Introduction

Diabetes mellitus (DM) remains a major worldwide health concern, and diabetic peripheral neuropathy (DPN) is the most common cause of peripheral neuropathy globally [1]. According to consensus, DPN is defined as a symmetrical and length-dependent sensorimotor polyneuropathy resulting from alteration in metabolism and small vessels caused by the prolonged effect of hyperglycemia and metabolic abnormalities [2]. Nearly half of those with DM have DPN, and 1–2 out of 10 patients with DPN have severe cases that warrant treatment [3, 4].

DM is undoubtedly one of the most challenging health problems facing Saudi Arabia [5]. The Ministry of Health of Saudi Arabia estimated that the number of people diagnosed with DM rose from approximately 0.9 million people in 1992 to 2.5 million people in 2010, representing an almost 3-fold increase in incidence over less than 2 decades [6]. A recent meta-analysis of observational studies in Saudi Arabia reported type 2 DM, type 1 DM, and overall point prevalence rates of 20.9%, 0.9%, and 12.6%, respectively [7].

DM is associated with morbidity and mortality of public health significance. Complications associated with DM are increasingly a source of concern in several Arab populations [8]. Notable among the numerous complications of DM is DPN, a common microvascular complication with an attendant risk of ulceration and amputation [9]. that accounts for a large economic burden of diabetes care.

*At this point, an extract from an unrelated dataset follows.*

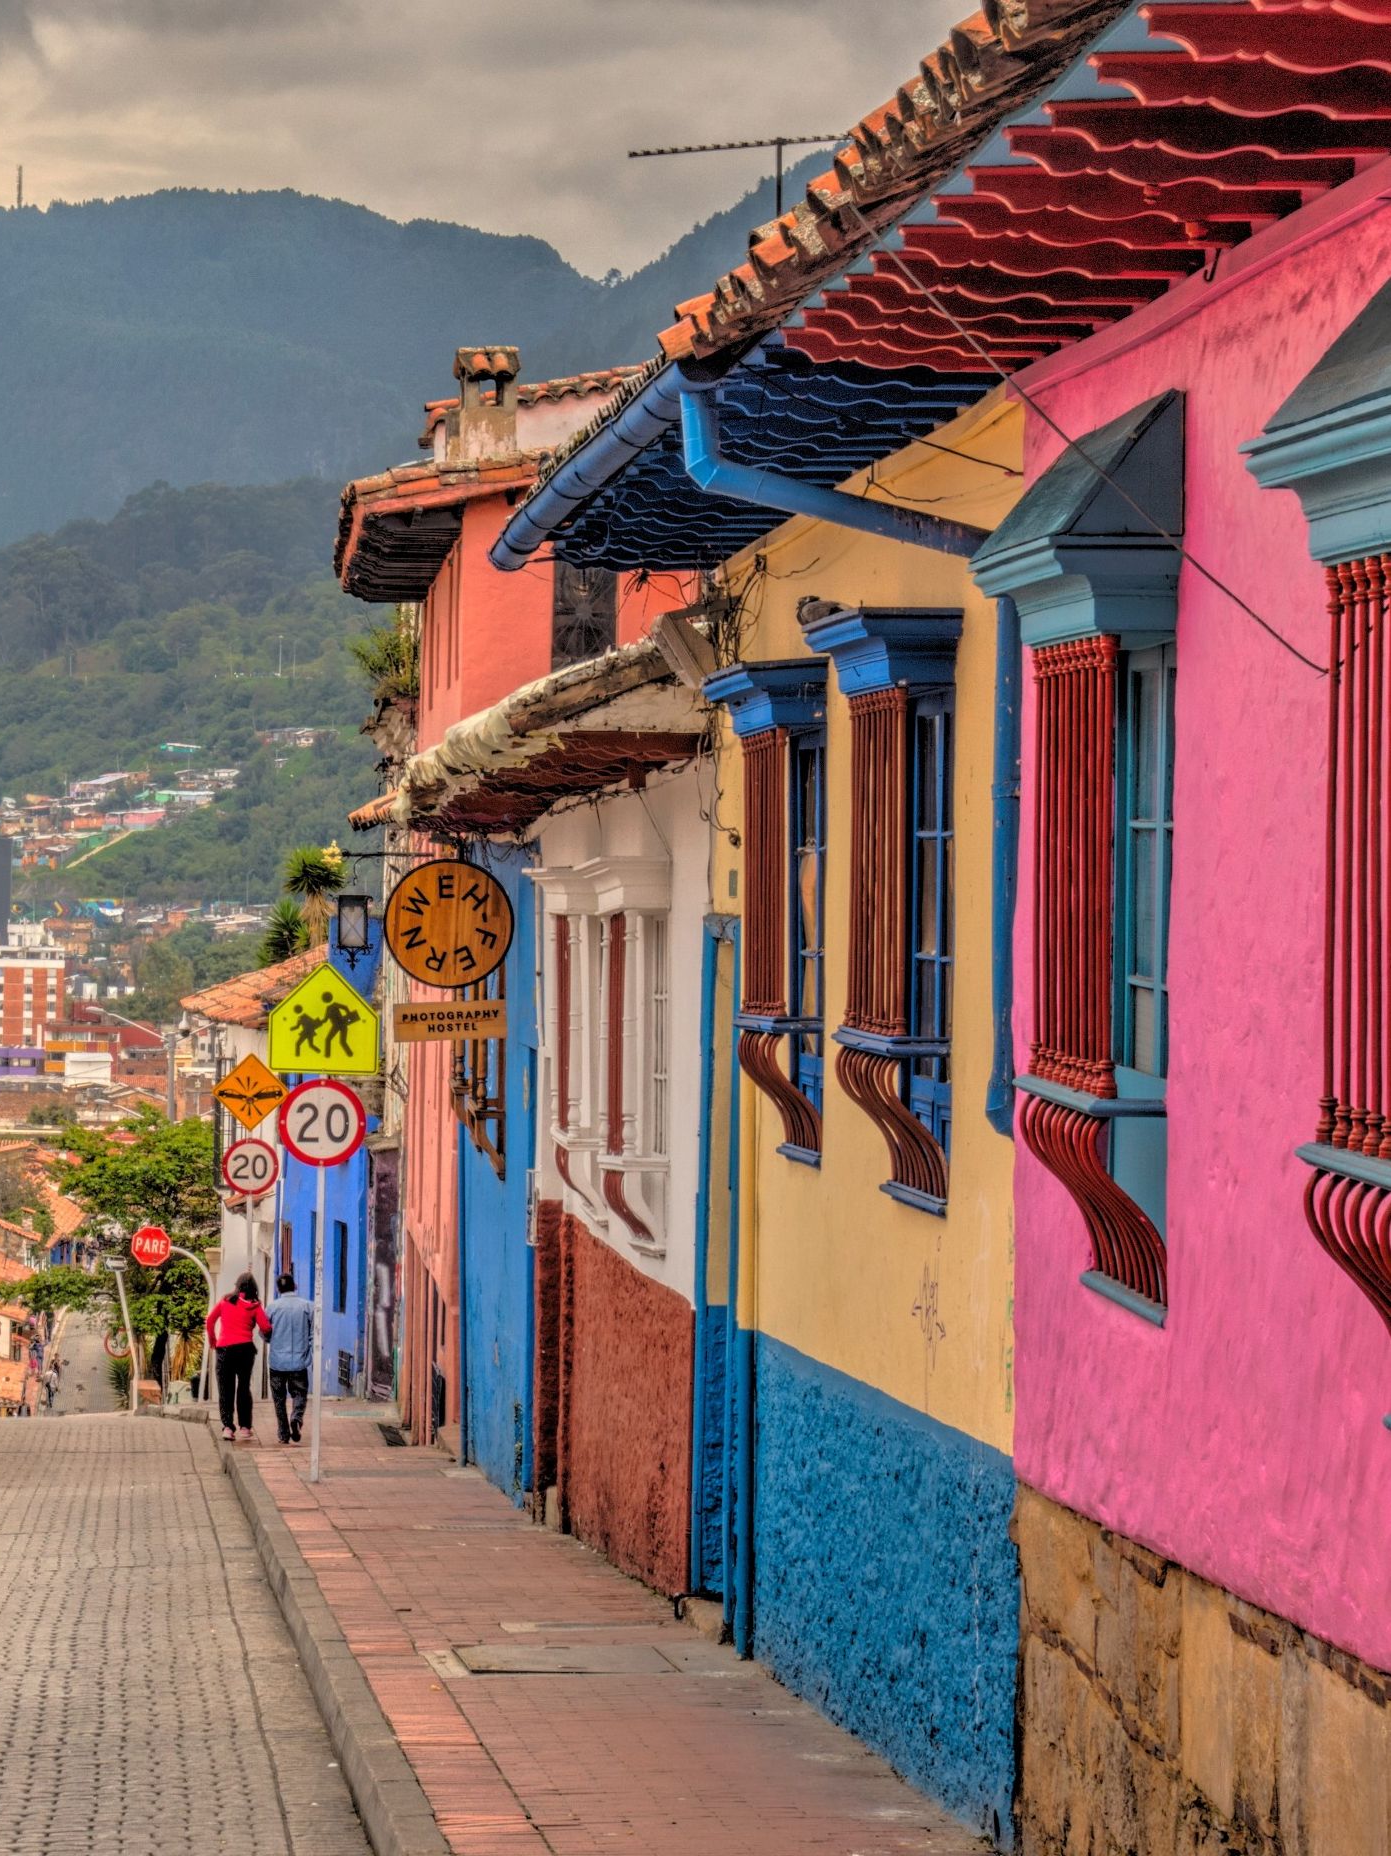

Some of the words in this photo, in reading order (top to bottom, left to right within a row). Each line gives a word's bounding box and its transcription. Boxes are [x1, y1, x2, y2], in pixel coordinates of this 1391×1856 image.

Globally, DPN places a large economic burden on both people living with DM and national healthcare systems. The annual cost of treatment for DPN and its related complications in people living with DM in the United States was estimated at US$10.91 billion [10]. The care of diabetic foot, a common complication of DPN, accounted for approximately 0.6% of National Health Service expenditures between 2010 and 2011 [11]. Though there is a paucity of data on the total cost of treating people with DM in Saudi Arabia, the national healthcare burden of diabetes was, without considering indirect costs, estimated to exceed US$0.87 billion [12]. DPN thus contributes significantly to the health expenditures of both Saudi Arabia and the world at large. Therefore, knowledge of the magnitude of DPN to inform policies relating to controlling the substantial health expenditures from DPN is a country-specific as well as a global concern.

Wide variability exists in the prevalence of DPN reported in previous studies. Estimates of the magnitude of DPN include 56.2% in Yemen [13], 48.1% in Sri Lanka [14], 46% in Africa [15], 39.5% in Jordan [16], 29.2% in India [17], 8.4% in China [18], 20% in France [19] and 11–25% in the United States [20, 21]. A systematic review conducted on painful DPN reported a point prevalence of 43.2%, though the review included only 1 study from Saudi Arabia [22].

In Saudi Arabia, data on the prevalence of DPN vary remarkably by study, with reported DPN prevalence rates ranging from 20% [23] to 66.7% [24]. However, most of these reports had small sample sizes, limiting the extent to which they can be used as national figures of the magnitude of DPN. This marked variation in DPN prevalence estimates could be ascribed to heterogeneity across studies in study design, risk factors, population demographics, and case ascertainment, constraining the use of existing data to estimate the number of people in Saudi Arabia with DPN and guide national public health policy.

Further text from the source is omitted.